I'm married to a gift guy so yeah he loves lingerie.


----------



## DvlsAdvc8

COguy said:


> I'm more about the attitude then the attire. Never been a fan of the strip tease either honestly. Too much show for me.
> 
> I want intensity, passion, release from inhibition. Nothing else really matters to me.


To me, such provocative acts that show self confidence are things that demonstrate intensity, passion and release from inhibition. Put lingerie, or anything else on a woman who can't think of herself as sexy and the whole thing just falls flat.

What demonstrates intensity, passion and release from inhibition to you if these things do not?


----------



## Saki

I like it.

Sex is a visual act and certain lingerie/undergarments accentuate the female form.


----------



## Toffer

Although it typically wouldn't stay on too long (but I do like to see it and get started that way) I LOVE IT!


----------



## SpinDaddy

GTdad said:


> My wife's white thigh-highs. Holy crap.


With the lacey stuff starting about ¾ the way up – yup that is damn sexy. Even if she’s wearing the “Granny panties”.


----------



## Shaggy

I love it. From the nice girl stuff all the way through the bad girl stuff. Fine black leather anything is just fine by me on her.
_Posted via Mobile Device_


----------



## DjangoJr

COguy said:


> Wanted to see if I'm alone in this.
> 
> You KNOW you are going to have sex tonight with your wife. She is in a freaky, horny mood.
> 
> All things being the same, do you care or does it turn you on that she is wearing lingerie?
> 
> My opinion is that this is more for the woman, and that the only reason I enjoy lingerie is that it's pretty much a guarantee I'm getting laid. If I KNOW I'm getting some hot sex, I'd probably prefer she just be naked.
> 
> Am I alone in this?


I dont like anything too eloborate, just gets in the way. The body in itself is a work of art, or the main course. Her body is unreal, so her normal bikini underwear, boy shorts, and etc have me like







lol


----------



## Holland

I'll answer for my guy. He is with a woman that usually doesn't wear knickers on a daily basis so when he sees her in a pair of lacy ones he can go a bit shall we say, crazy. 

OK way TMI (being anon and all) but having sex while the lingerie stays on is incredibly sexy. Oral through a pair of lacy knickers is mind blowing.


----------



## Stonewall

Mavash. said:


> I'm married to a gift guy so yeah he loves lingerie.
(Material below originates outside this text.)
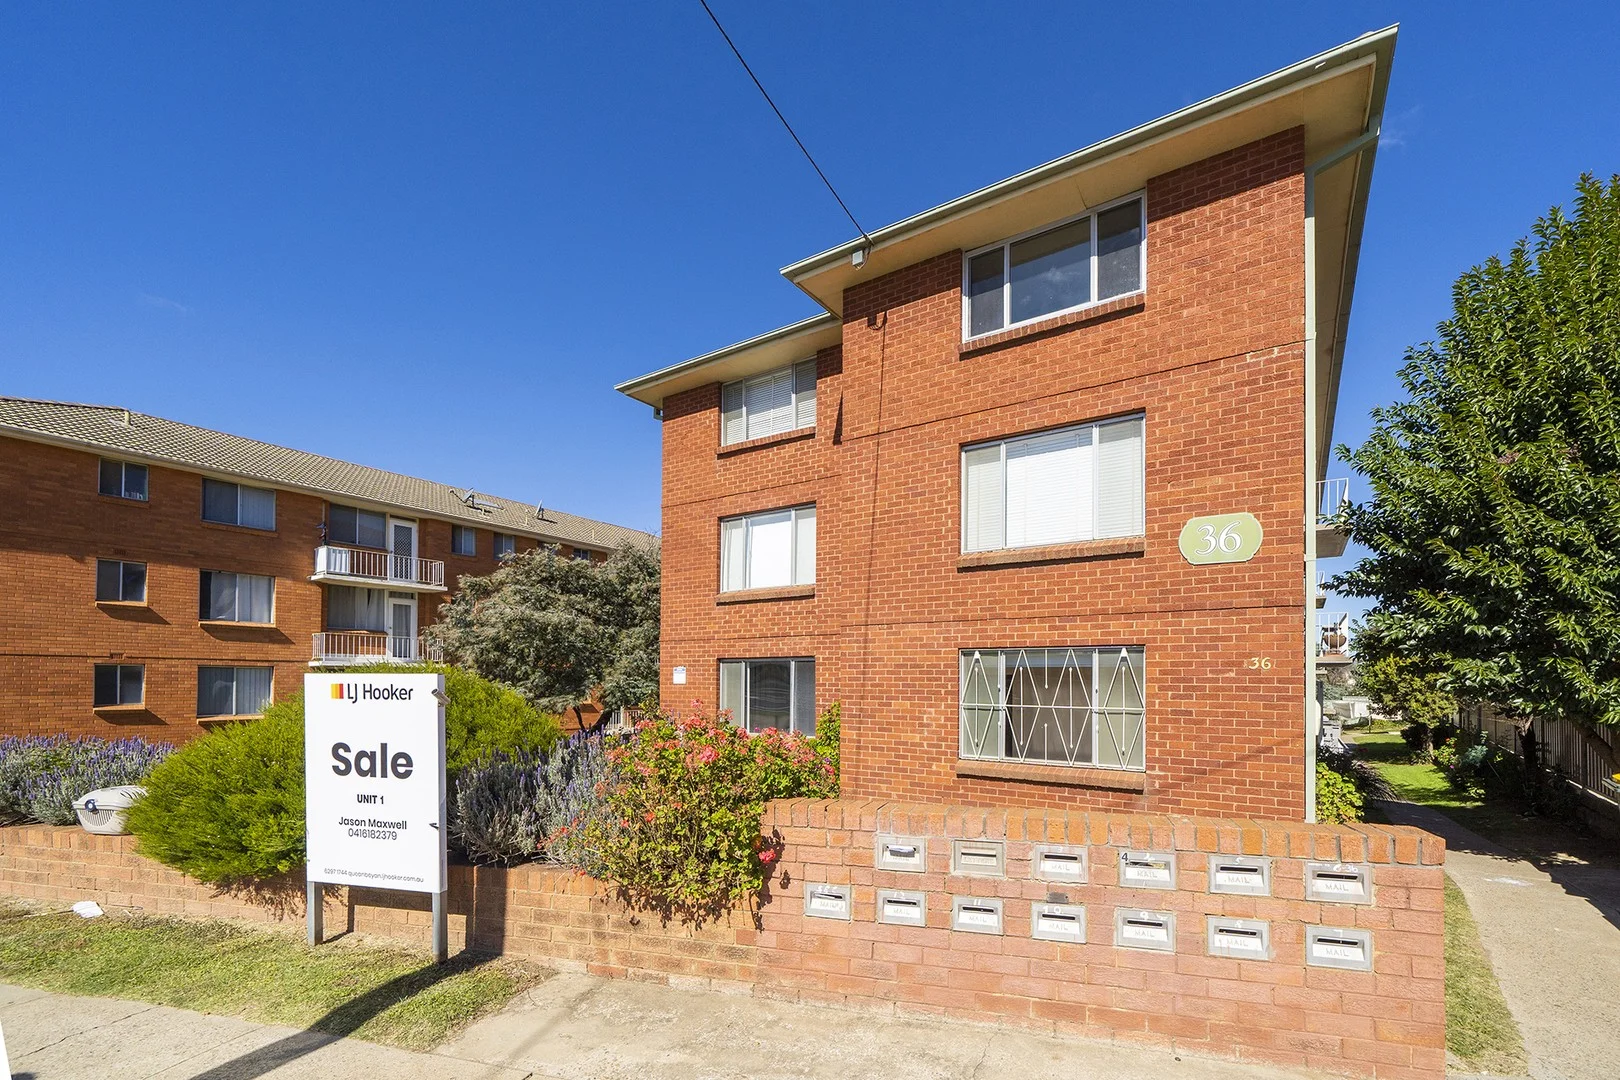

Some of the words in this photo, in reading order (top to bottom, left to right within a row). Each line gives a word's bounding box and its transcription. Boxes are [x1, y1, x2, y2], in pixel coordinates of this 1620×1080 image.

thats me too. I buy her a lot of lingere and real clothes too. I'm begining to wonder whats wrong with me cause the last few years I find myself shopping for clothes for her a lot. My latest passion is Boston Proper I could go broke shopping in there for her!


----------



## Mavash.

Stonewall said:


> thats me too. I buy her a lot of lingere and real clothes too. I'm begining to wonder whats wrong with me cause the last few years I find myself shopping for clothes for her a lot. My latest passion is Boston Proper I could go broke shopping in there for her!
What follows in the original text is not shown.